I would like to know also. They sure look pretty in the catalogs, but before I shell out the cash for one it might be nice to have some opinions.


----------



## oldirty (Nov 12, 2009)

boys. cmon now. we've been talking about the HC for quite some time now.

look in some of the archive stuff.

its the bomb.


----------



## canopyboy (Nov 13, 2009)

It's a nice upgrade to have if you have some extra cash and have already gotten most of the other equipment you want.

I've been using one since last spring. The short version is that at first I didn't really like it much better than my standard micropulley and regretted shelling out for it. But after awhile I got kind of addicted to it. It's well made, rounded edges all over, and actually tends smoother than my other non-fixed cheek pulleys. My buddy decided he likes it well enough and just ordered one. 

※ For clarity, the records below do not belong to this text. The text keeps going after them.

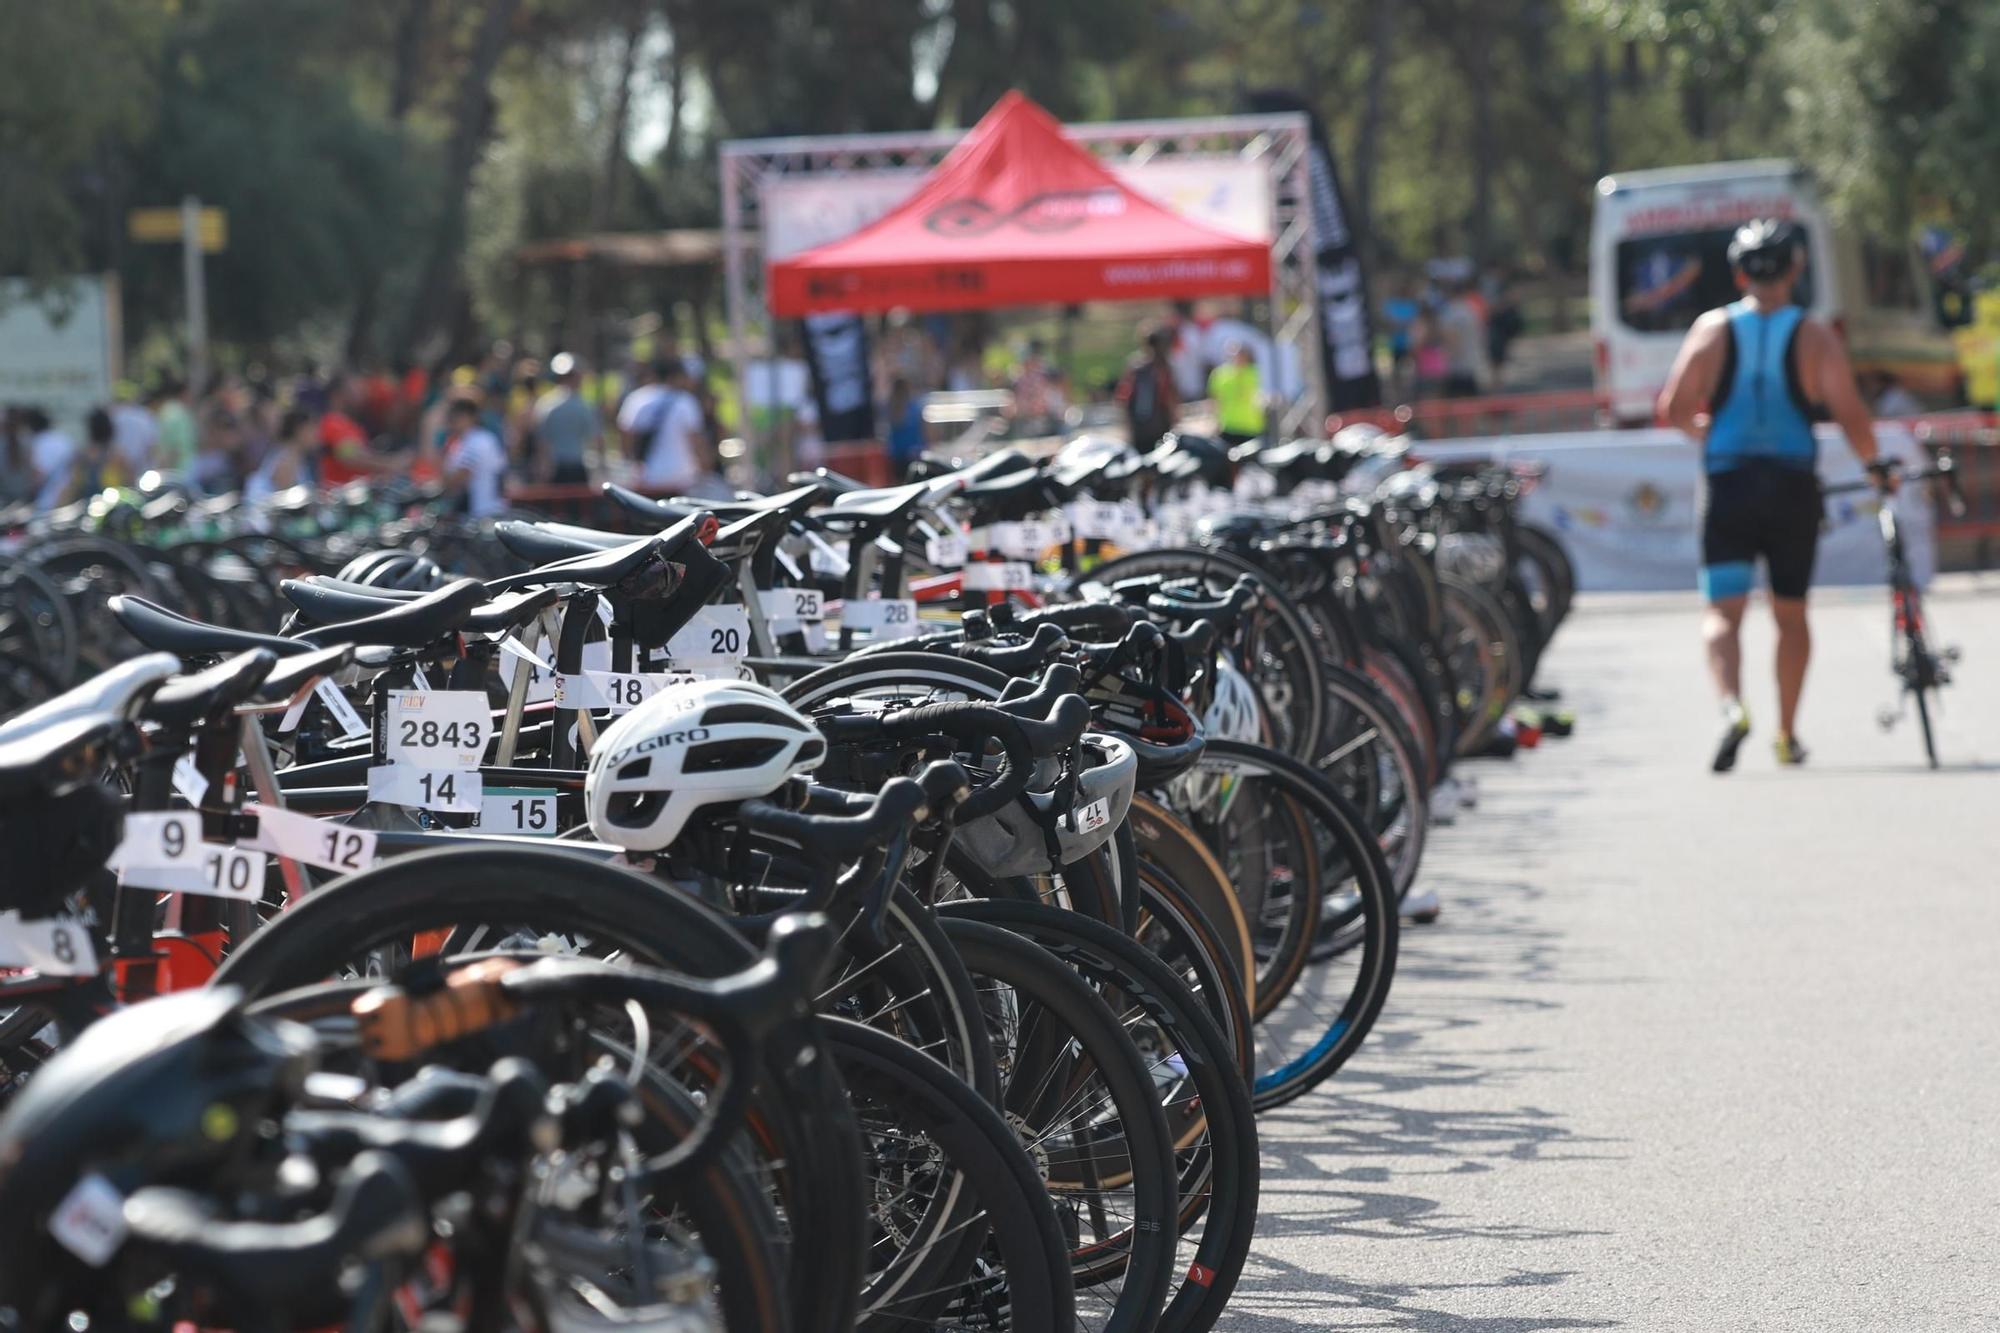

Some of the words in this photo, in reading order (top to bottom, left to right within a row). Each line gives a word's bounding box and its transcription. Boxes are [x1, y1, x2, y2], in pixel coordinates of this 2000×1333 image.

[796, 594, 818, 616] 25
[885, 603, 909, 624] 28
[710, 628, 740, 654] 20
[610, 678, 643, 706] 18
[400, 719, 481, 749] 2843
[636, 727, 710, 753] GIRO
[419, 772, 456, 805] 14
[511, 799, 547, 830] 15
[1086, 803, 1102, 821] 17
[162, 819, 185, 858] 9
[325, 829, 363, 870] 12
[207, 853, 250, 892] 10
[52, 928, 76, 964] 8
[1139, 1220, 1161, 1232] 35

One problem as is mentioned above is it works best with a spliced eye. If your prusik is clipped in the bottom hole and your rope end is clipped in the top hole like I think they show on their website, a knotted end will be right at the top part of your VT. But since I'm not partial to a spliced eye on my climbing line, I just kept trying different things. I've settled on simply using the middle hole. First it pulls my knot a little lower and the VT rides above it. But since the holes are offset, it also seems to tip the whole thing forward a bit and put a little space between the two lines. Haven't had any problems with interference with this arrangement.


----------



## Adkpk (Nov 21, 2009)

I agree with Oldirty, there're are plenty post on the hc. It' the greatest invention since sliced bread. I don't leave home without it.


----------



## fishercat (Nov 21, 2009)

*ok i have used it a few times.*

so far i like it ok.i don not care for the VT yet though.i might try the distel .


----------



## Adkpk (Nov 21, 2009)

I use it with the vt and have no problem at all.


----------



## md_tree_dood (Nov 23, 2009)

I love mine but as some have said before, there was and still is a major backlash in the industry over your anchor knot "activating your hitch." I used to have all my ropes spliced but found that the extra cost involved wasn't really worth the added benefit. I've been using mine for a few months and have never had this occur but it can be a problem and should be noted before you purchase it.


----------



## alinicoll (Nov 25, 2009)

I`ve just switched from using a blakes hitch. Its great!:biggrinbounce2:


----------



## fishercat (Nov 25, 2009)

*iwill probabbly go back to the Blake's.*

it seemed a lot easier to use.

maybe i am just more comfortable with Blake's,


----------



## Adkpk (Nov 25, 2009)

fishercat said:


> it seemed a lot easier to use.
> 
> maybe i am just more comfortable with Blake's,



Try this setup. Works well for ascents.


----------



## Plasmech (Nov 26, 2009)

Adkpk said:


> Try this setup. Works well for ascents.



My saddle has a rope bridge so it would require one more 'biner.


----------